- Exercise
Return all the data verbatim but without images.

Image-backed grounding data

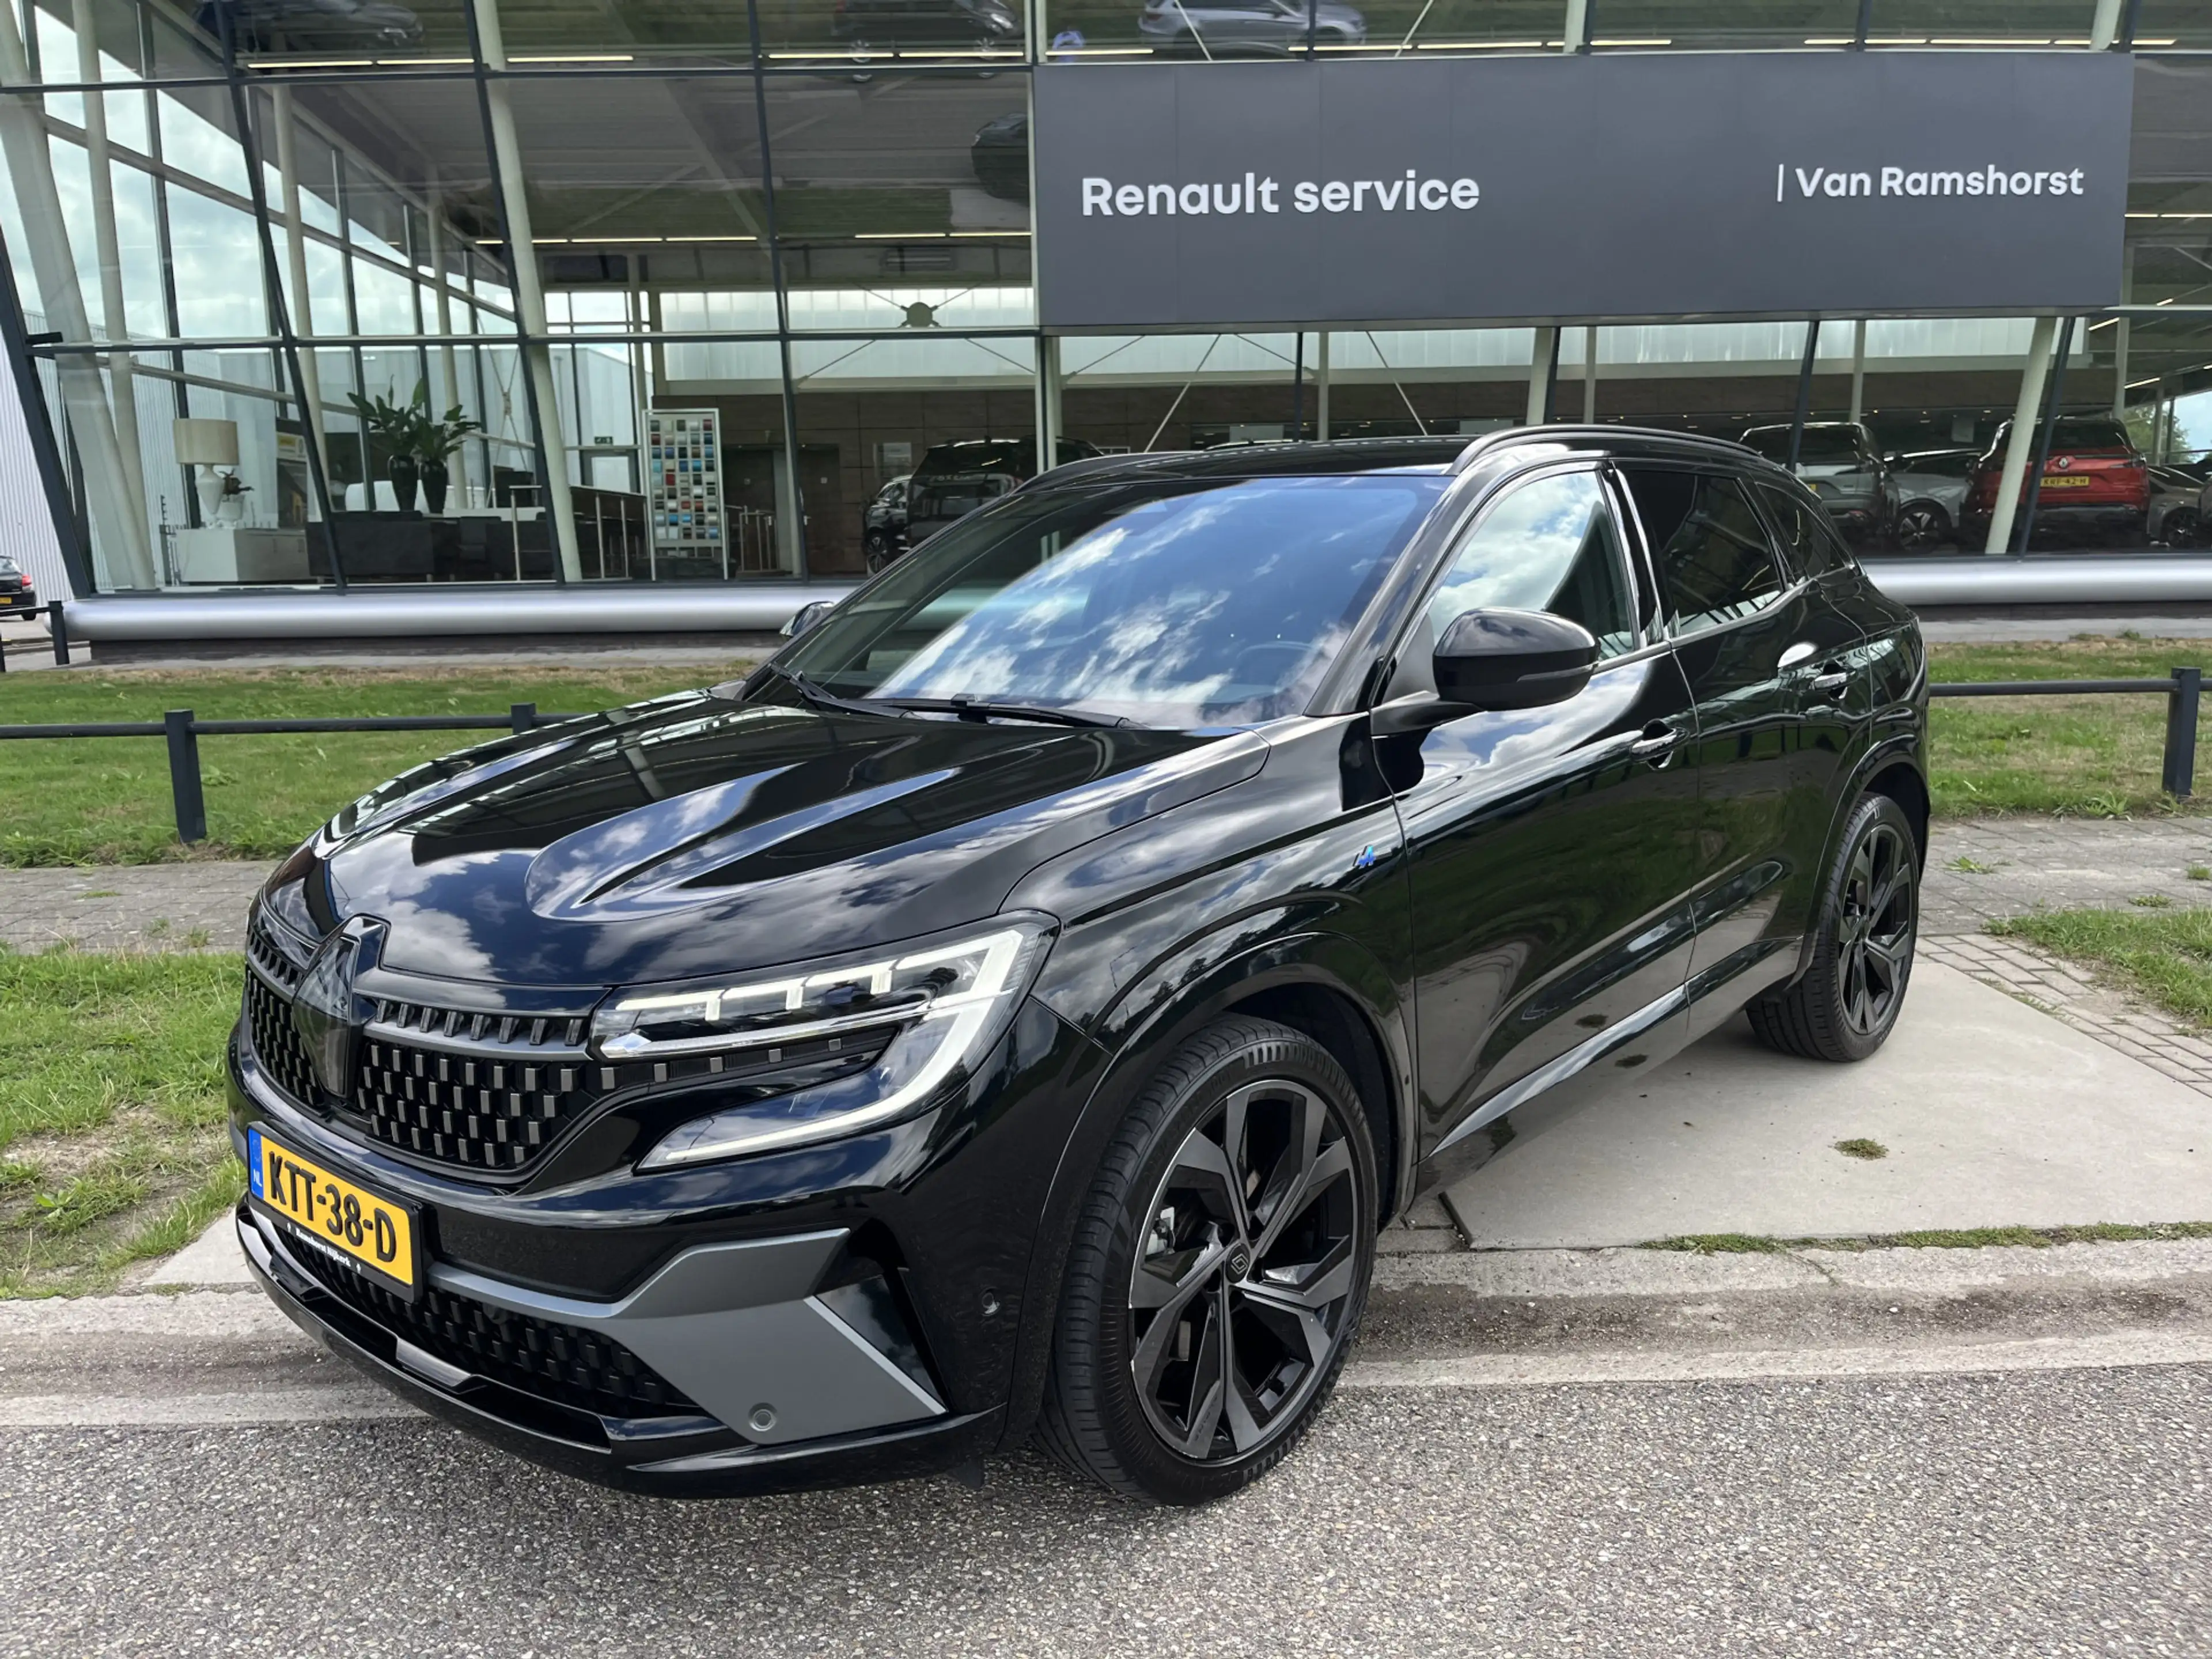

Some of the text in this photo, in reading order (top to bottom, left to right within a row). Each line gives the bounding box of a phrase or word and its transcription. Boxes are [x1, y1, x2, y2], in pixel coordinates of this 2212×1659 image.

[1081, 169, 1480, 216] Renault service
[1795, 164, 2084, 197] Van Ramshorst
[253, 1168, 263, 1187] NL
[268, 1151, 396, 1263] KTT-38-D
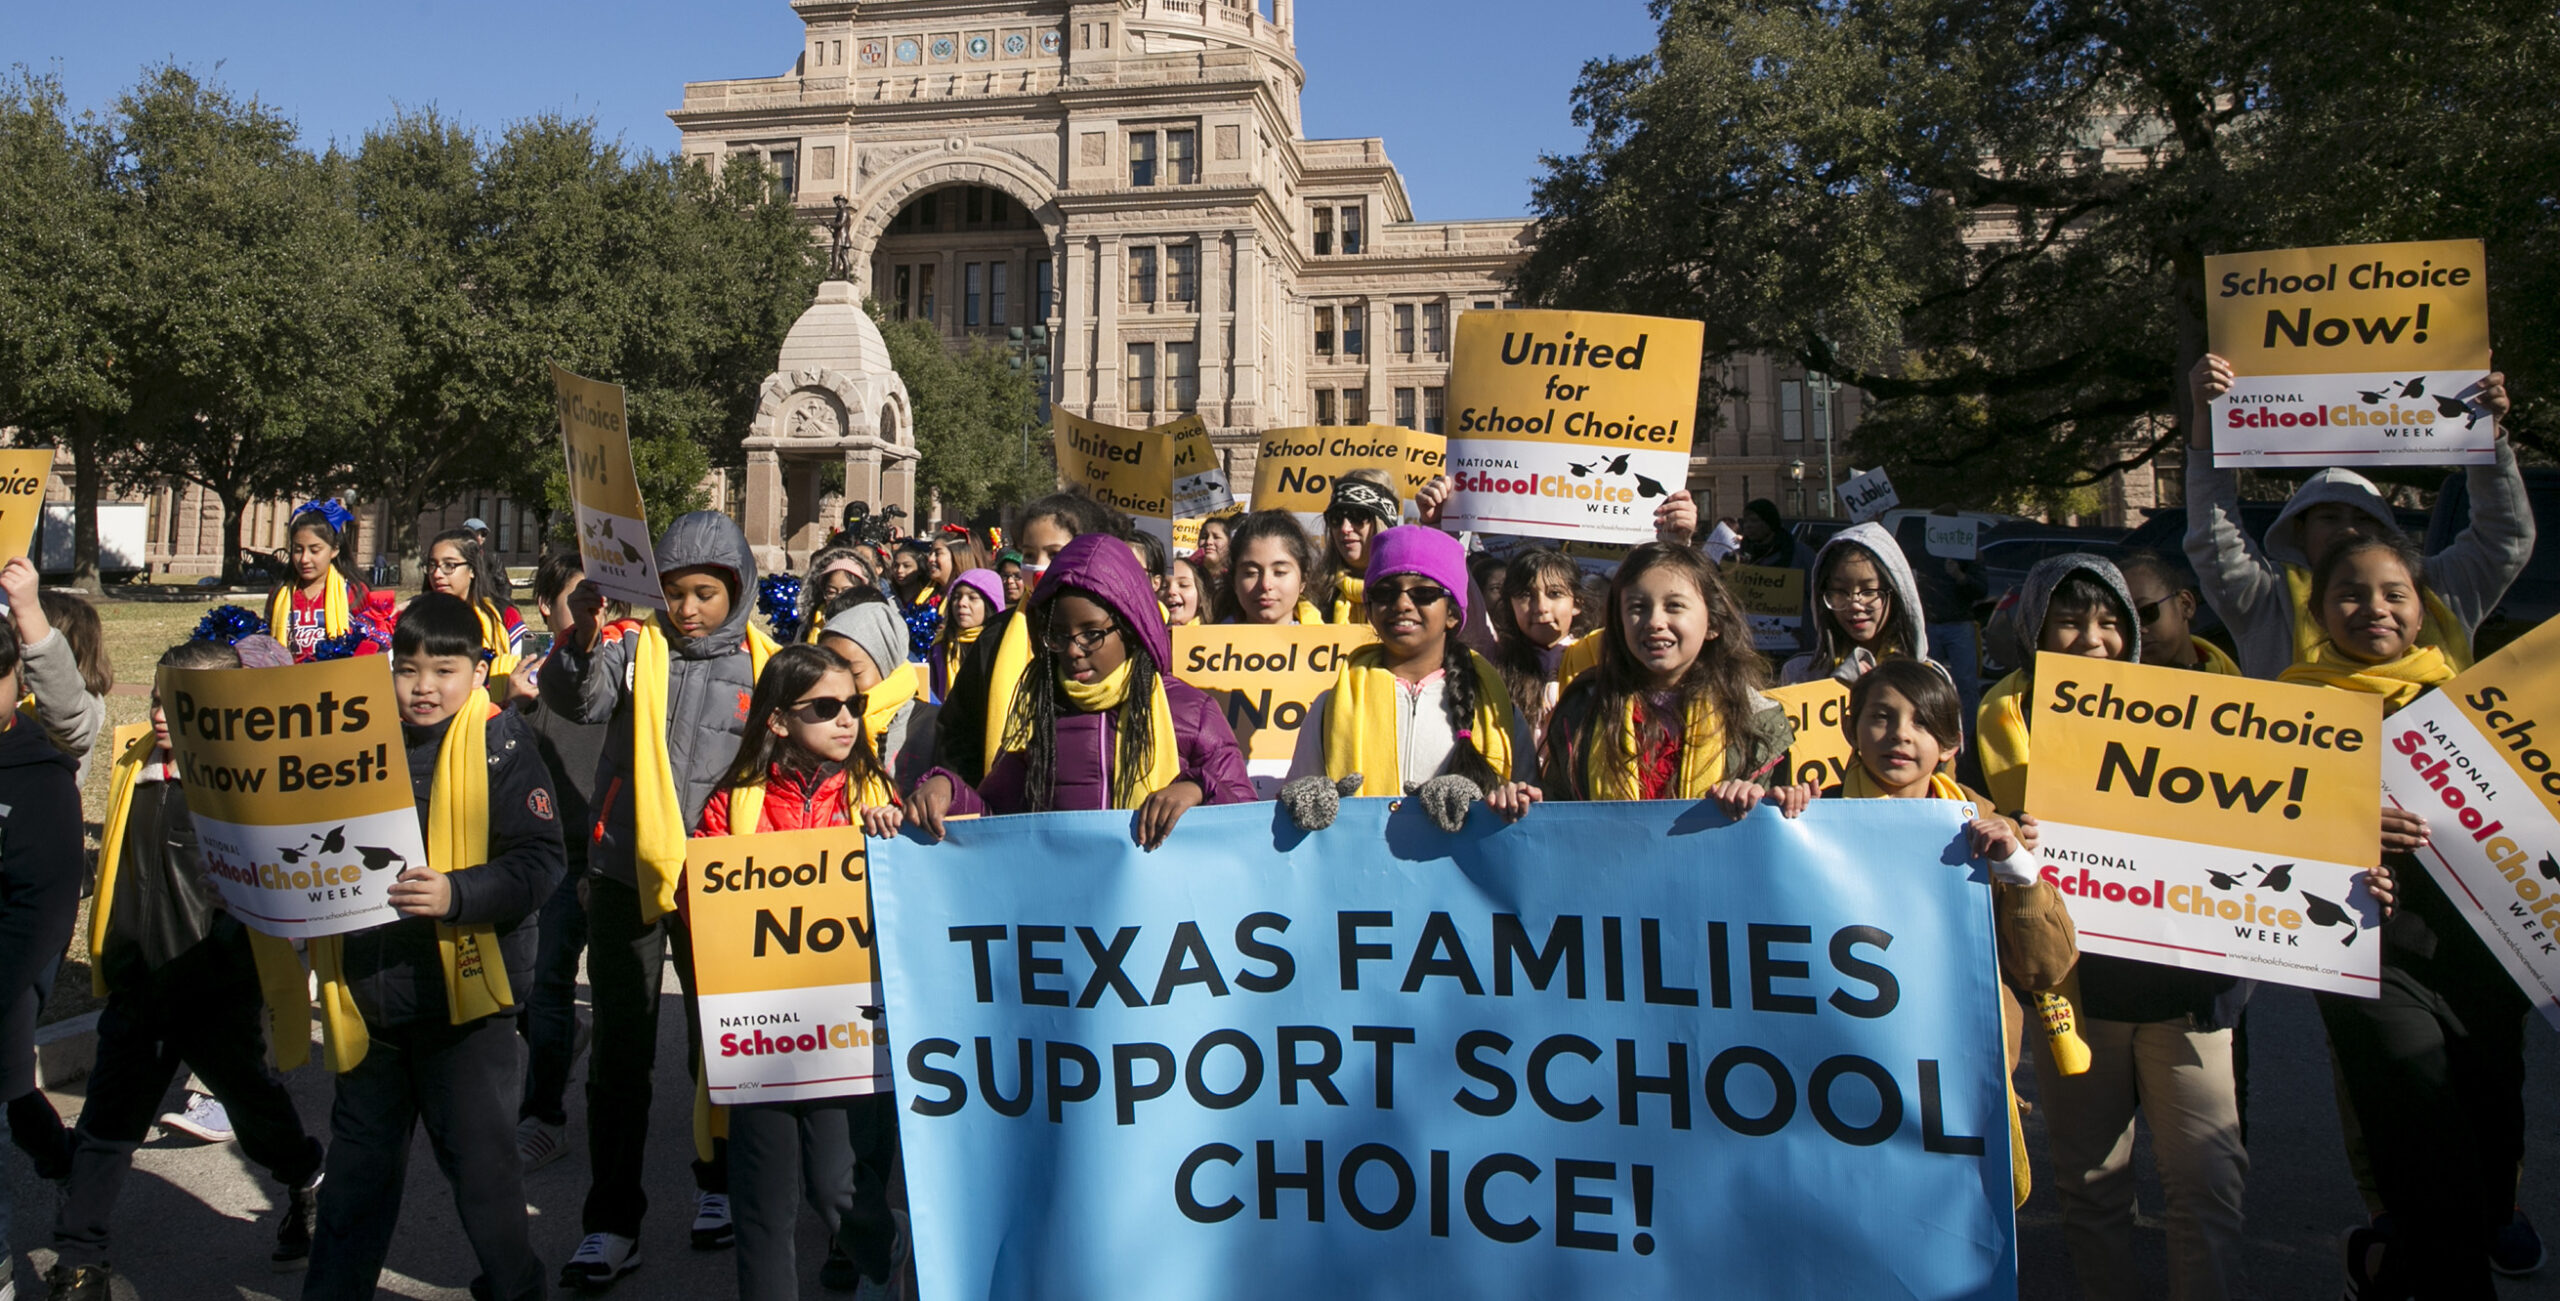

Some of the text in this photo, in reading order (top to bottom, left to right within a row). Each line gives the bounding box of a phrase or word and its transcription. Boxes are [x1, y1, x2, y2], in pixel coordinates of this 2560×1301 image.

- Task response
Some of the text in this photo, in reading order (top to bottom, left to right within a row). Each line gives the bounding box of a phrase or word and its transcription. Boxes are [x1, y1, x2, y2], in pixel coordinates of this 2212×1659 image.

[1081, 169, 1480, 216] Renault service
[1795, 164, 2084, 197] Van Ramshorst
[253, 1168, 263, 1187] NL
[268, 1151, 396, 1263] KTT-38-D

Some of the text in this photo, in reading order (top to bottom, left to right within a row). Each line gives the bounding box of a phrase or word and its transcription. Boxes are [x1, y1, x2, y2], in pixel coordinates of this 2560×1301 image.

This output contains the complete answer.